L’autisme désigne ainsi une forme de troubles envahissants du développement (TED), affectant la personne dans trois domaines principaux. Il s’agit d’abord d’anomalies de la communication verbale ou non verbale. Dans ce cas, la personne avec autisme utilise par exemple le langage de manière écholatique, autrement dit qu’elle répète mot pour mot une question qu’on lui pose. Il existe ensuite des anomalies touchant aux interactions sociales : elles se traduisent parfois par une apparente indifférence aux personnes. Enfin, les centres d’intérêt sont fréquemment restreints et stéréotypés. Cela peut se manifester par une intolérance aux changements.
Selon les chiffres communiqués par l’association Autisme France en avril 2013, dans l’Hexagone “un médecin sur trois ne sait pas ce qu’est l’autisme et un sur quatre assimile encore le handicap à une psychose, alors que la Haute Autorité de santé le définit comme un trouble neurodéveloppemental”. Tel est le triste bilan récemment dressé.
Entretien avec Idoia ANGULO / Pédopédagogue
“Ce qui se fait en France envers les enfants avec autisme est condamnable”
Pédopédagogue au sein du centre Goiz de Bilbo de l’association Apnabi (Association de parents affectés par l’autisme de Bizkaia), Idoia Angulo revient sur les diverses facettes de son travail avec les jeunes enfants avec autisme.
Qu’est-ce que le centre Goiz à Bilbo et comment fonctionne-t-il ?
Le centre Goiz s’occupe d’enfants de zéro à six ans. Y travaillent à la fois des psychologues et des pédopédagogues. Cette bipartition reflète le double travail que nous effectuons.
D’une part, les psychologues accueillent les enfants et leurs familles. Un ensemble de tests sont alors effectués afin d’établir un diagnostic précis : savoir s’il s’agit d’autisme et, si oui, quel en est le degré de gravité. D’autre part, nous, les pédopédagogues, recevons les enfants une ou deux fois par semaine afin de provoquer des situations de communication et d’interaction sociales.

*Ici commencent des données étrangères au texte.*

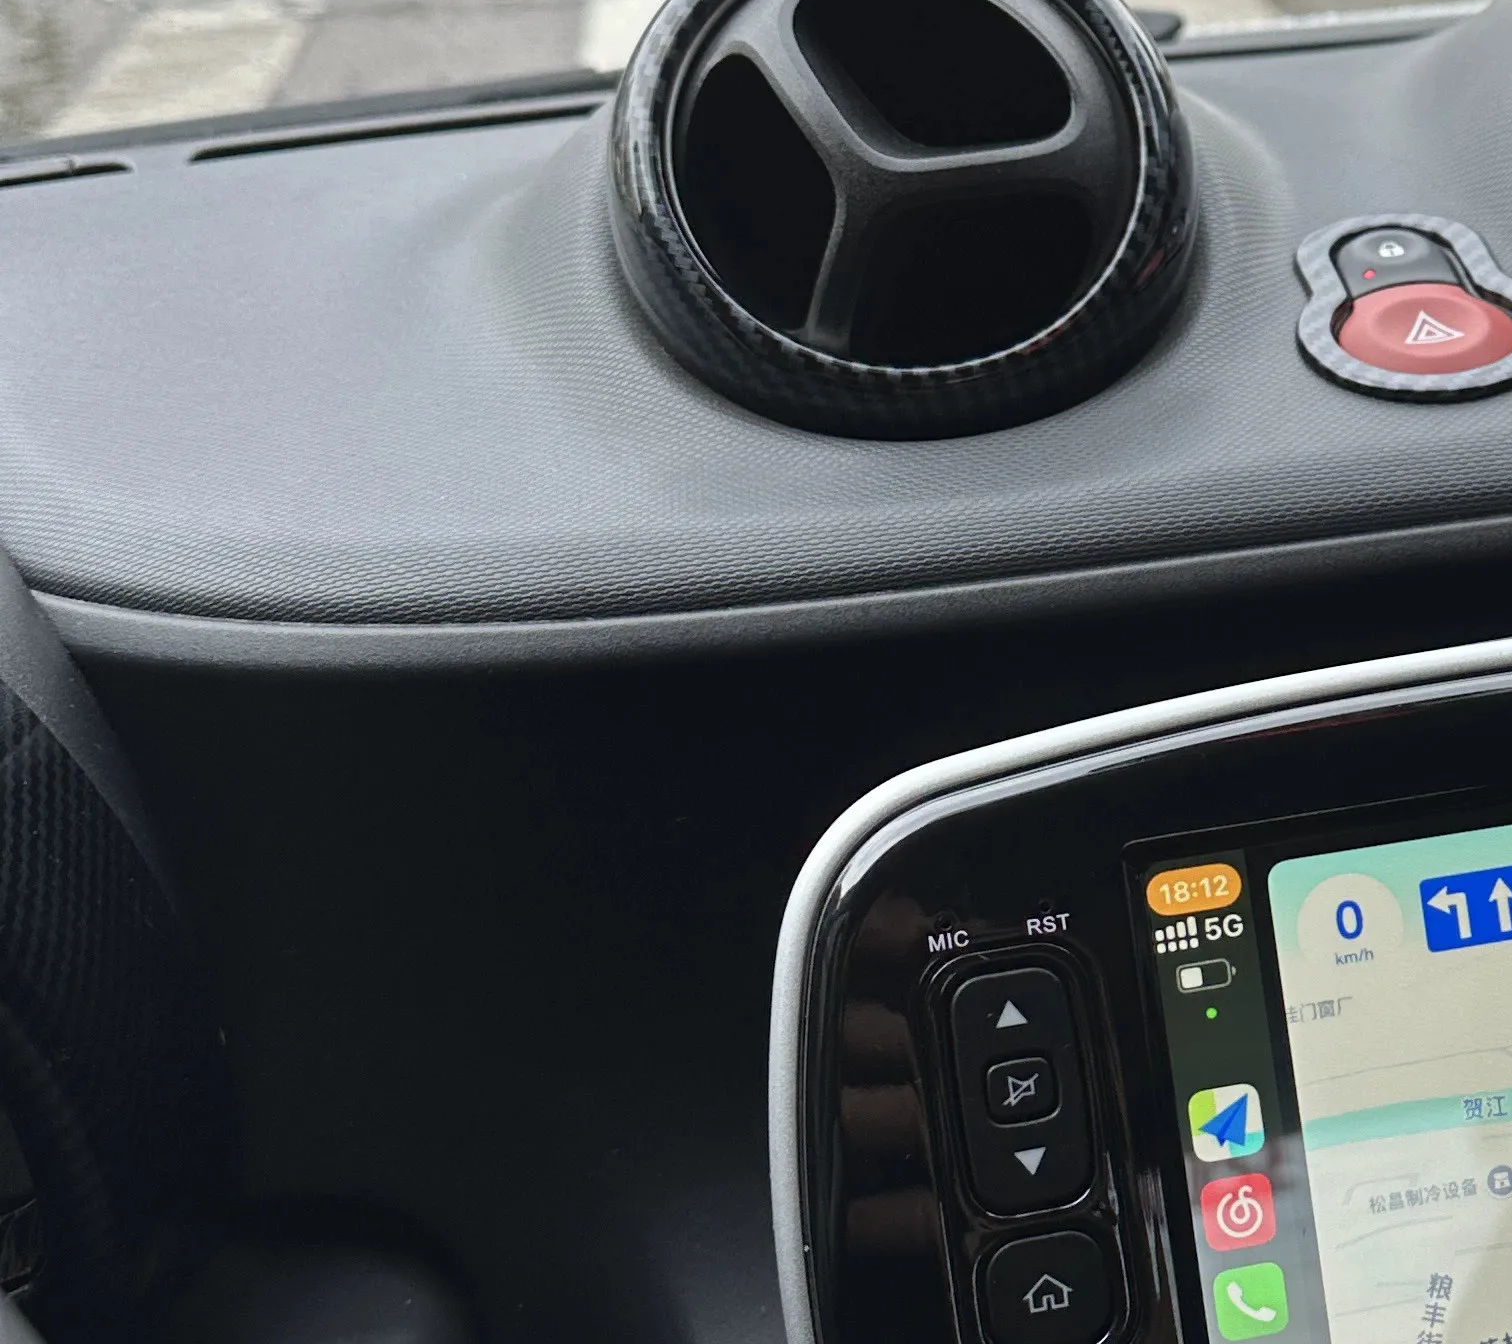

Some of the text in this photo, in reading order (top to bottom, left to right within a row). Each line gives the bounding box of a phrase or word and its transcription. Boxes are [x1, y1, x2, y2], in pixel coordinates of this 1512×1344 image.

[1158, 874, 1230, 905] 18:12
[1026, 912, 1071, 936] RST
[1204, 913, 1245, 941] 5G
[1336, 899, 1364, 940] 0
[927, 929, 971, 954] MIC
[1334, 948, 1375, 965] km/h
[1463, 1095, 1508, 1121] 贺江
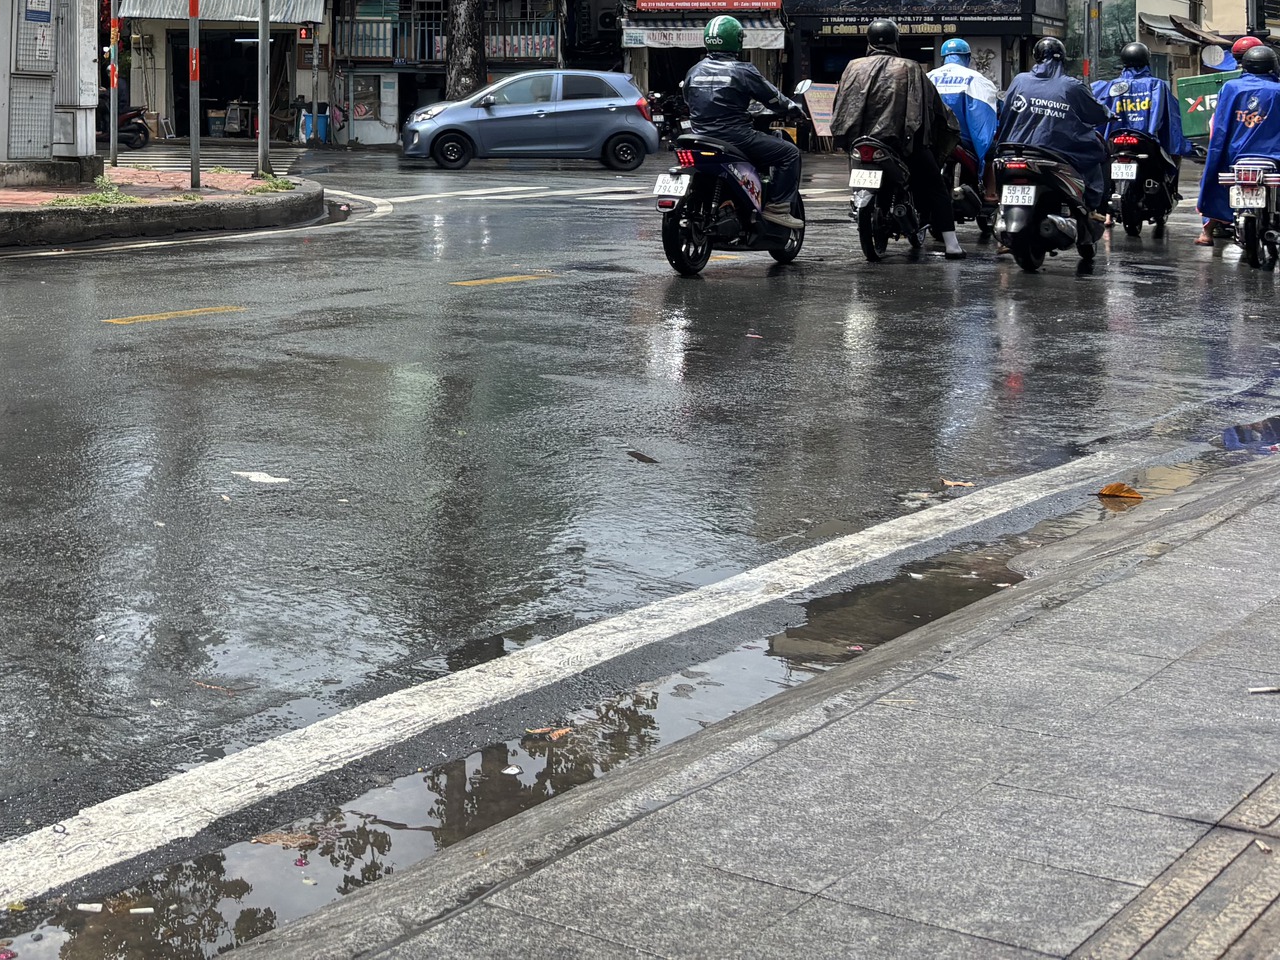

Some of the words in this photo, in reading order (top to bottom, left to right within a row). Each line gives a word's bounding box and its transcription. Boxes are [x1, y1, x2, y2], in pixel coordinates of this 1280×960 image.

[833, 24, 857, 34] CÔNG
[911, 23, 942, 34] TƯỜNG
[944, 24, 956, 33] 3D
[705, 36, 723, 44] Grab
[1030, 97, 1070, 111] TONGWEI
[1030, 106, 1066, 119] VIETNAM

Comment les parents arrivent vers vous ?
Il existe trois types de cas de figure. Certains parents viennent nous voir sur les recommandations de leur pédiatre ; d’autres parce que l’école où l’enfant est scolarisé les y a poussés ; enfin, mais il s’agit d’une minorité, quelques-uns viennent de leur propre chef.

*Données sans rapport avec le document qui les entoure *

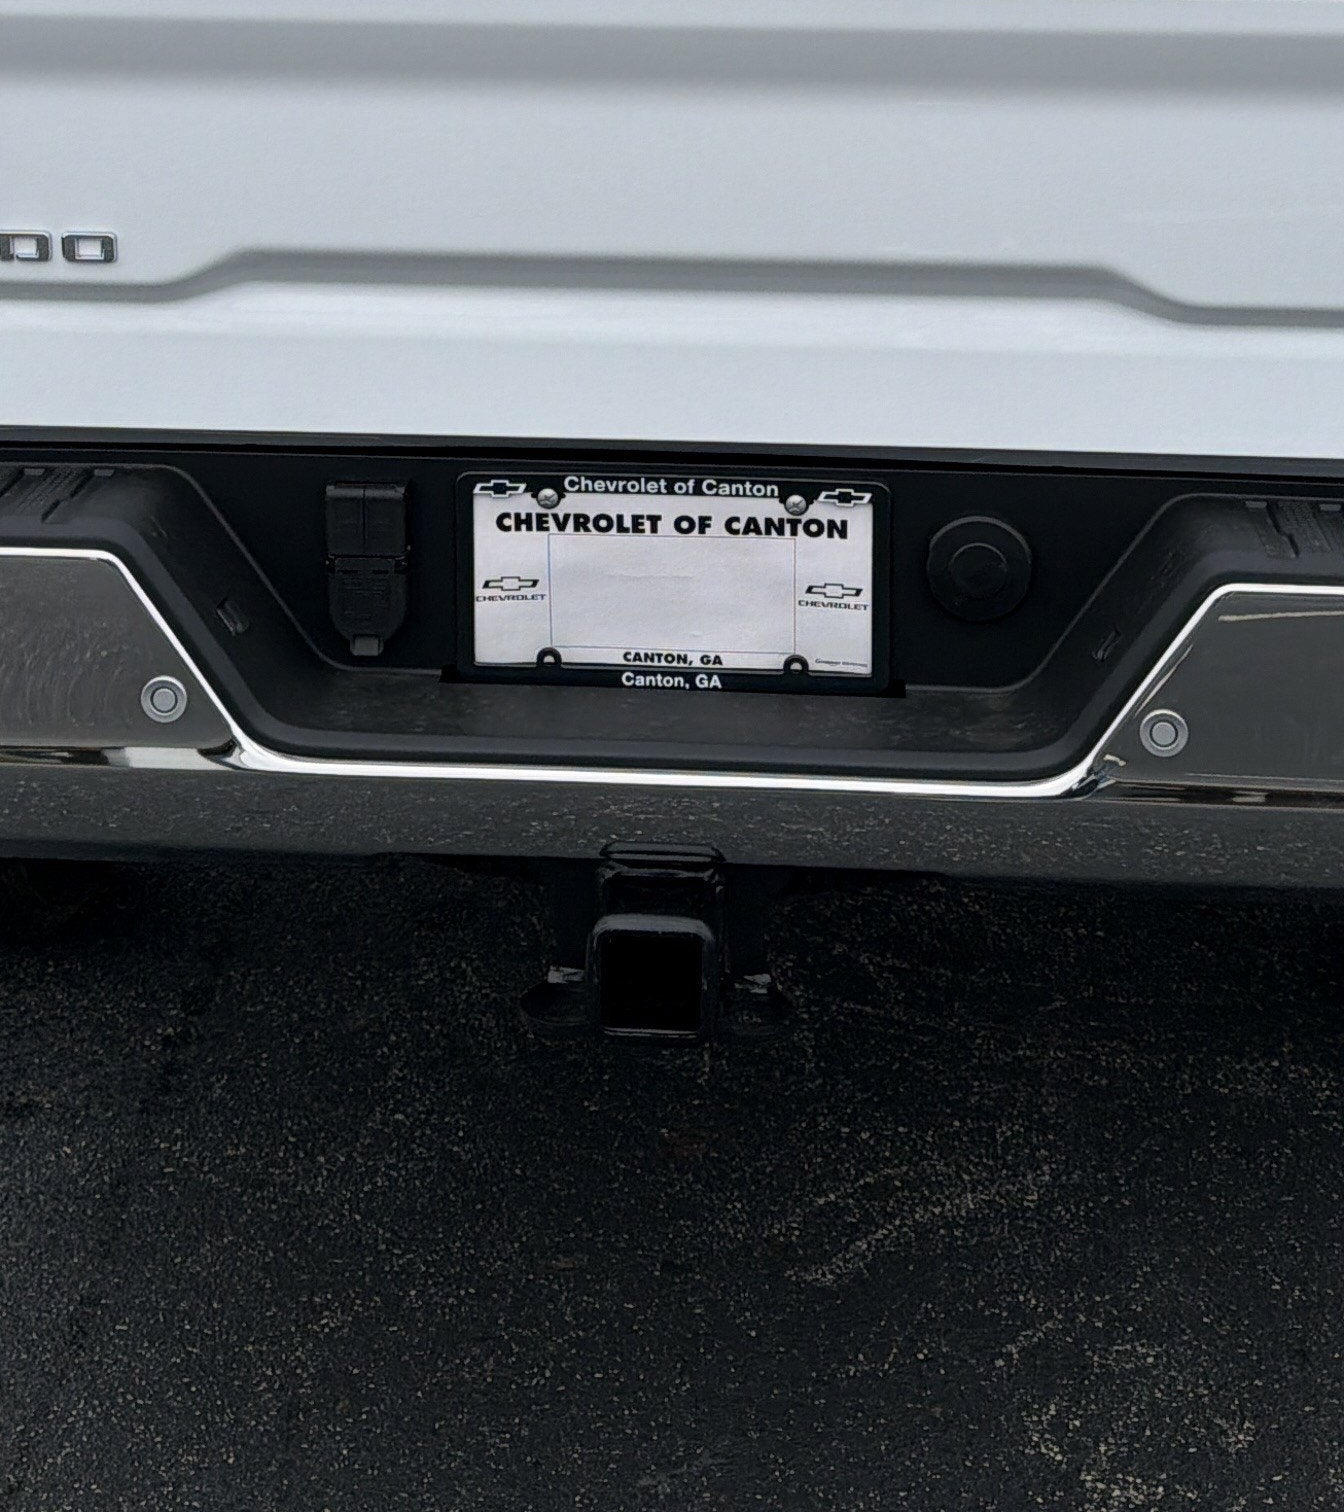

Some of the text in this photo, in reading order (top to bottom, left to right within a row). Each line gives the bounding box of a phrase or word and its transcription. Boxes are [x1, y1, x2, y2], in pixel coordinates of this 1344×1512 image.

[564, 476, 780, 498] Chevrolet of Canton
[495, 512, 849, 540] CHEVROLET OF CANTON
[475, 593, 547, 603] CHEVROLET
[798, 599, 870, 611] CHEVROLET
[622, 651, 723, 667] CANTON, GA
[621, 671, 723, 690] Canton, GA

Au Pays Basque Sud, les enfants avec autisme sont donc scolarisés ?
Oui, à la différence de la France, où les enfants sont mis à part, ce qui, du reste, est proprement condamnable.
Dans la mesure du possible, mieux vaut que les enfants avec autisme soient en contact avec d’autres enfants sans autisme. Cela leur permet de développer leurs compétences. Par exemple, les enfants avec un autisme léger sont scolarisés avec les autres enfants et bénéficient d’un accompagnateur en permanence. C’est un droit qui existe au sein de la Communauté autonome basque et qui a été épargné par les réductions de postes.
Comment se passent l’accueil et le suivi des enfants ?
Lorsqu’ils arrivent, les enfants passent des tests durant trois mois avec les différents psychologues. Tout se fait à travers le jeu. De longues discussions d’accompagnement aux familles encadrent ces tests. La finalité est de savoir quel est le degré d’autisme dans chacun des trois types d’autisme [voir encadré ci-contre].
Dans un deuxième temps, les enfants ont un ou deux rendez-vous hebdomadaires d’une heure avec les pédopédagogues. Je tiens à dire que c’est vraiment trop peu vu l’étendue de ce qu’il faudrait faire. Mais c’est déjà mieux qu’ailleurs. Chez nous, toutefois, ce qui fait défaut, c’est un travail plus approfondi au domicile familial. Cela se fait dans certains pays et permet d’apporter des réponses à des problèmes concrets que les familles rencontrent au quotidien.
Quels sont les résultats que vous obtenez ?
Cela dépend bien entendu du degré d’autisme : chaque cas est spécifique. Reste que les personnes avec autisme ne sont pas des gens qui veulent rester dans leur bulle. Ils ont seulement une façon différente de la nôtre d’appréhender le monde.